Cell-based therapies

Over the last decade, advances in stem cell biology and tissue engineering have prompted research on novel strategies to treat hair loss. Both researchers and investors are now more conscious of the power of regenerative medicine to rejuvenate or even to clone HFs (i.e., bioengineering miniorgans for transplant to obtain an unlimited number of HFs).

The HF rejuvenation approach (i.e., restoring miniaturized HFs back to cycling terminal HFs) and regeneration (i.e., inducing HF neogenesis) has been used to recover the signaling center that regulates hair formation and cycling – the dermal papilla (DP). The HairClone company is developing an autologous DP cell-based therapy to rejuvenate miniaturized HFs. Methodology has been developed to specifically select androgen-resistant DP cells from an in vitro culture and to inject them on the balding scalp. The procedure is expected to rescue HF miniaturization upon repeated treatments with androgen-resistant DP cells. Remarkably, HairClone has also established the first HF biobank, envisioning the cryopreservation of patients’ HFs while healthy for their use in regenerative treatments years later. Although the efficacies of HF cryopreservation and DP cell therapy have not been validated yet, the HairClone corporate approach has engaged patients and clinicians in a prospective therapy that feeds its own business model and research. Another company developing an autologous cell therapy to rejuvenate the thickness and growth of hair fibers undergoing miniaturization is RepliCel Life Sciences. Here the concept is to deliver androgen-insensitive dermal sheath cup cells (DSCCs) into the scalp to restore the normal HF cycle. The RCH-01 product consists of a large number of DSCCs retrieved from the patients’ occipital HFs and expanded in vitro.
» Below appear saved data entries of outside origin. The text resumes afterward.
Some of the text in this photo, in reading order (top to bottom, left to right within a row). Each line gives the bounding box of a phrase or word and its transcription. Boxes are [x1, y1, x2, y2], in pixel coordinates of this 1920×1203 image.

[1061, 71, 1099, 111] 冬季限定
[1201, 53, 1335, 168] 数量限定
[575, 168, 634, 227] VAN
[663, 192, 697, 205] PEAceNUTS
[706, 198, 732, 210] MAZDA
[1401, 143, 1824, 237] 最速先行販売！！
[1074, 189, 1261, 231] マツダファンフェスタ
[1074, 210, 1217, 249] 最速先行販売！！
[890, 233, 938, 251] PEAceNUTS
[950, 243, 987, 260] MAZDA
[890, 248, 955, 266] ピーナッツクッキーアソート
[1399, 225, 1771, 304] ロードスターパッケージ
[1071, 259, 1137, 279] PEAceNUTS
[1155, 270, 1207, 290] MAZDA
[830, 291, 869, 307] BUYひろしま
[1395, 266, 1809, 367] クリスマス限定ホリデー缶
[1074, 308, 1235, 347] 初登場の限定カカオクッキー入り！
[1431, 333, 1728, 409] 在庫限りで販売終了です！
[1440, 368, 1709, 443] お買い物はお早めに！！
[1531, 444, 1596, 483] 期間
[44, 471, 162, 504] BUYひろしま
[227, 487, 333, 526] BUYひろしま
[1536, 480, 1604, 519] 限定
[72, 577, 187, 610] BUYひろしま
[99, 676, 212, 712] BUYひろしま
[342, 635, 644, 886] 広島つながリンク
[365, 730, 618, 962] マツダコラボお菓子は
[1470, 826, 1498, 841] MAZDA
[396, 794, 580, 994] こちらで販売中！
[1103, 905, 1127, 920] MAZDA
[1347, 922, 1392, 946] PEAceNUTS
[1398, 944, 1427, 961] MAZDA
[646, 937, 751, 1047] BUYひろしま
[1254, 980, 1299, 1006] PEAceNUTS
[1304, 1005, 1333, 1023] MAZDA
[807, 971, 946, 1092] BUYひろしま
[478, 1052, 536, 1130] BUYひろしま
A different DP cell-based product is EPI-001 from Epibiotech. The goal of that effort is to develop an ‘off-the-shelf’ allogeneic therapy, taking advantage of the immune-privileged property reported for DPs (i.e., nonself DP cells are tolerated without eliciting an inflammatory immune response) [

6.

Effective and economical cell therapy for hair regeneration.

]. The advantages are no requirement for patients’ own HFs and the unlimited supply of donor DP cells.
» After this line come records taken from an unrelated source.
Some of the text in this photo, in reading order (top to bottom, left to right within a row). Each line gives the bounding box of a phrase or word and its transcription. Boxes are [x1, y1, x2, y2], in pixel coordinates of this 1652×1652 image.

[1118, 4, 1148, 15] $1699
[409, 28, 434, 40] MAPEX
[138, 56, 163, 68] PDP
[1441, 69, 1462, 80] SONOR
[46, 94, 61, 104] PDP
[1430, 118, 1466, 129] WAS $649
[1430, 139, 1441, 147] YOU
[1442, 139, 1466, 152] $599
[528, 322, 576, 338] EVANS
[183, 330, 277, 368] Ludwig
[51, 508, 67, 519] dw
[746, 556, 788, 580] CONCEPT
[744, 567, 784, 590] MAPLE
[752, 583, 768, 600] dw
Other approaches are under development that aim to reach the ‘holy grail’ of hair cloning independently of the patient’s age, sex, or disease stage. TissUse is a German biotech company that has developed a Smart Hair Transplant technology. Neopapillae, HF equivalents generated in vitro, are embedded into full-thickness skin bioprints to produce microfollicles for transplant into patients. Stemson Therapeutics has developed a preclinical stage cell therapy using iPSC-based technology that, upon reprogramming of patient somatic cells (e.g., skin cells) into iPSCs, subsequently transdifferentiates expanded iPSCs into folliculogenesis cells. This technology was adapted from findings at the Terskikh laboratory that elucidated the molecular and cellular mechanisms underlying self-renewing and differentiation and led to the discovery of a process that converts human iPSCs into DP cells [

7.

  • Pinto A.
  • Terskikh A.V.
The rise of induced pluripotent stem cell approach to hair restoration.

].

Finally, a Silicon Valley biotech startup, dNovo, has developed an approach that directly reprograms (i.e., skips the pluripotency induction step) fat or blood cells collected from patients into hair stem cells that can be injected into the scalp.
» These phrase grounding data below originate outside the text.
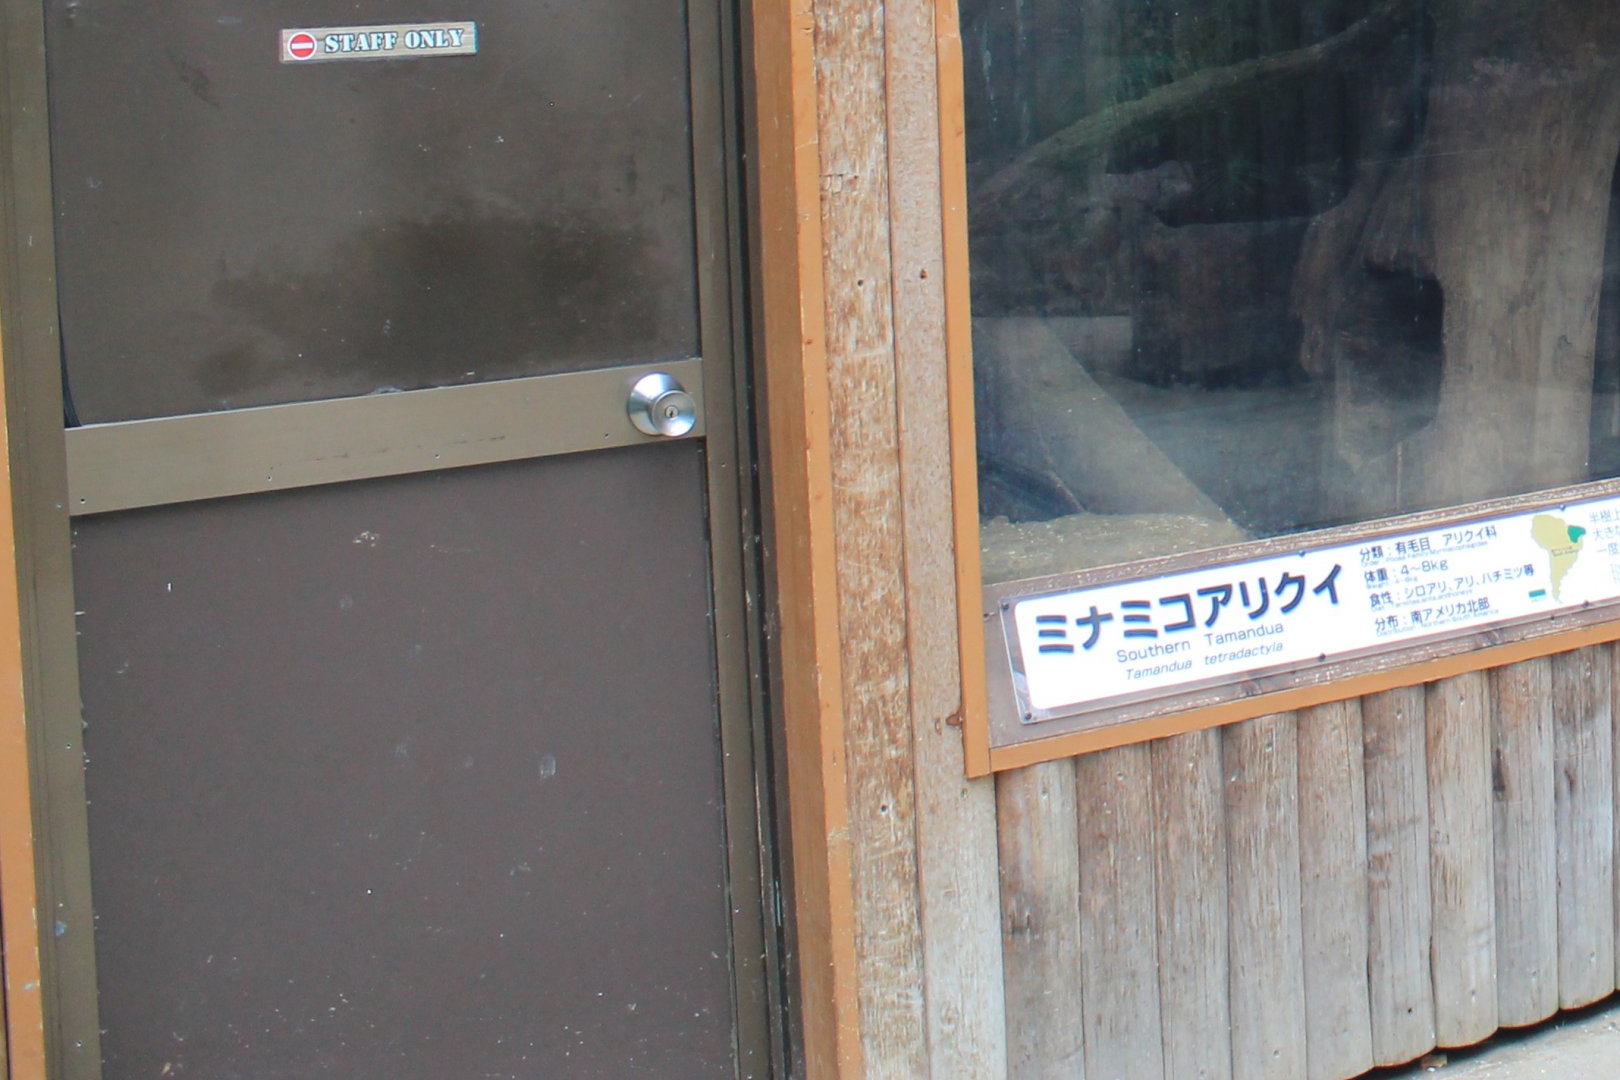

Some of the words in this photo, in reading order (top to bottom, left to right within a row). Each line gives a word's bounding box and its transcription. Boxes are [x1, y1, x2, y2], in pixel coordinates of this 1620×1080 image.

[324, 32, 398, 53] STAFF
[404, 29, 464, 49] ONLY
[1036, 564, 1343, 654] ミナミコアリクイ
[1116, 639, 1191, 663] Southern
[1204, 622, 1284, 646] Tamandua
[1126, 659, 1193, 680] Tamandua
[1204, 641, 1284, 666] tetradactyla
Numerous biotechs but few strategies

Despite the number of emergent biotech companies fully committed to developing an efficient therapy for AGA, all the approaches are based on two concepts: (i) to attenuate the effect of androgens on HF miniaturization or (ii) to use DP (or induced DP-like cells) to rejuvenate/regenerate HFs.

For those seeking the ultimate hair loss cure, innovative reversive strategies (i.e., that restart hair growth) are still missing. Where is the field now? Cellular reprogramming approaches are becoming increasingly promising, but this methodology is at an immature stage and has safety and delivery concerns. HF bioengineering (functional HFs lab-grown by tissue engineering methodologies) has significantly advanced in recent years, but its applicability is far from being clinically and aesthetically appealing. The architectural and functional complexity of this miniorgan makes it considerably more difficult to reconstruct than other larger organs. Findings from animal models have been encouraging [

8.

  • Takagi R.
  • et al.
Bioengineering a 3D integumentary organ system from iPS cells using an in vivo transplantation model.

,

9.

  • Kageyama T.
  • et al.
Reprogramming of three-dimensional microenvironments for in vitro hair follicle induction.

,

10.

  • Abaci H.E.
  • et al.
Tissue engineering of human hair follicles using a biomimetic developmental approach.

], but human specificities have constrained its translation to clinical practice [

11.

  • Castro A.R.
  • et al.
The emergent power of human cellular vs mouse models in translational hair research.

].

Concluding remarks

Nowadays, faster time-to-market pharmacological approaches will primarily fulfill the growing needs of the AGA market. To maximize market share, biotech companies might opt to codevelop both faster drug-based and slower cell-based therapies.

Importantly, direct-to-consumer (DTC) medical treatment is the market trend nowadays, and hair loss stakeholders should take it into account. Patients with AGA seek more convenient and more cost-effective preventive self-screening and self-treatment solutions, and this will impact the development of new hair loss therapies. Although more complex therapeutic solutions may require a business-to-consumer strategy, where patients with AGA visit clinical centers regularly to be monitored by a multidisciplinary team (clinicians and biomedical engineers), DTC therapies will nevertheless continue to answer the increasing demand for self-service and healthcare consumerism.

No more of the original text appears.